12. The term administrative units includes municipios and alcaldías—two types of municipalities that differ in respect to their political autonomy.

13. The number refers to 59 municipalities of the State of México and one of the state of Hidalgo. Here, the 16 alcaldías in the territory of Mexico City are excluded.

14. Jorge Jiménez Cantú governed from 1975 until 1981, and Alfredo de Mazo González held power from 1981 until 1986.

15. ODEM is an institution of the State of México whose task is to bring together public and private urban development institutions to coordinate the building and development of Cuautitlán Izcalli (Dávila, Rocío, & Quiroga Leos, Citation2004).

16. The task of Neue Heimat was to build low-cost and middle-income housing in the postwar years in West Germany. However, in the 1980s it became publicly known that the manager was lining his pockets, and the company had to file for bankruptcy. Later, the housing stock was sold to various U.S. financial investors, such as Cerberus Capital Management and Lone Star. This inglorious story contributed to the process of financialization of housing in Germany.

17. Eulich and Villagran (Citation2013) report on the soaring number of vacant homes, which increased from 2.4% of housing in 2005 to nearly 14% in 2010, according to census data. Across the country, in 2010, some 5 million homes were classified as abandoned.

18. Data from official requests to Ministry of Urban and Metropolitan Development of the State of Mexico (SEDUR—Secretaría de Desarrollo Urbano y Metropolitano del Estado de México) in 2018 about authorized housing units.

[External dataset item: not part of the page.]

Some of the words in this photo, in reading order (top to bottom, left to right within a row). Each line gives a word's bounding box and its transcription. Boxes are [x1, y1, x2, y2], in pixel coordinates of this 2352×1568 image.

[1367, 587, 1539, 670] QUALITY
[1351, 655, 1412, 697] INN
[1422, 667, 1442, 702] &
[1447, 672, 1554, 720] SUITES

19. This is the result of a research project coordinated by Dr. Luis Alberto Salinas Arreortua and funded by Consejo Nacional de Ciencia y Tecnología (ConacyT).

20. “El suelo intraurbano, por ejemplo, es utilizado de manera poco eficiente, ya que se calcula que en las principales ciudades del país existen 85,000 hectáreas de suelo intraurbano subutilizado que podrían albergar hasta 3.3 millones de viviendas nuevas; es decir, 46.0% de las que serían necesarias entre 2017 y 2030 para atender la demanda de nuevos hogares” (Secretaría de Desarrollo Agrario, Territorial y Urbano, Citation2019, p. 22).

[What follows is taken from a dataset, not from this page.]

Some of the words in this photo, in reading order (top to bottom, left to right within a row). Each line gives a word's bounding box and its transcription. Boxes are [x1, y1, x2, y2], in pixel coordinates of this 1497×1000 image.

21. “El mercado no sustituye al Estado, al promover la participación del sector privado y social bajo un marco institucional de certeza y claridad, que lo convierta en aliado corresponsable en el desarrollo de vivienda adecuada en el país” (Secretaría de Desarrollo Agrario, Territorial y Urbano, Citation2019, p. 17).

Additional information

Funding

Luis Salinas Arreortua would like to thank the research funding of the UNAM (Dirección General de Apoyo al Personal Académico de la UNAM) for financing the project “PAPIIT - IN301420 Sector inmobiliario y gestión urbana en los procesos de revalorización de áreas centrales y expansión de la periferia de la ZMVM”.

Notes on contributors

Susanne Heeg

Susanne Heeg is a professor of urban studies at the Institute of Human Geography of the Goethe University Frankfurt am Main. Her main research interests are the effects of neoliberal urban development in respect to the built environment in cities. This implies the analysis of privatization, marketization, and financialization of basic facilities such as infrastructure and housing. https://www.uni-frankfurt.de/45656401/01_portrait, Goethe-University.

Maria Verónica Ibarra García

Maria Verónica Ibarra García is a full-time professor in geography, open university systems, and distance learning (SUAyED) at the Faculty of Philosophy and Letters of the Universidad Nacional Autónoma de México (UNAM). She is interested in political and feminist geography, with a particular focus on power relations as well as how struggles, conflict, and tensions affect the production of space. She is member of the National System of Research of CONACyT.

Luis Alberto Salinas Arreortua

Luis Alberto Salinas Arreortua is a full-time researcher in the Social Geography Section of the Institute of Geography at UNAM. He teaches geography and urbanism and has published widely on research topics including urban segregation, gentrification, urban neoliberalism, housing policy, and urban management. He is a member of the National System of Research of CONACYT.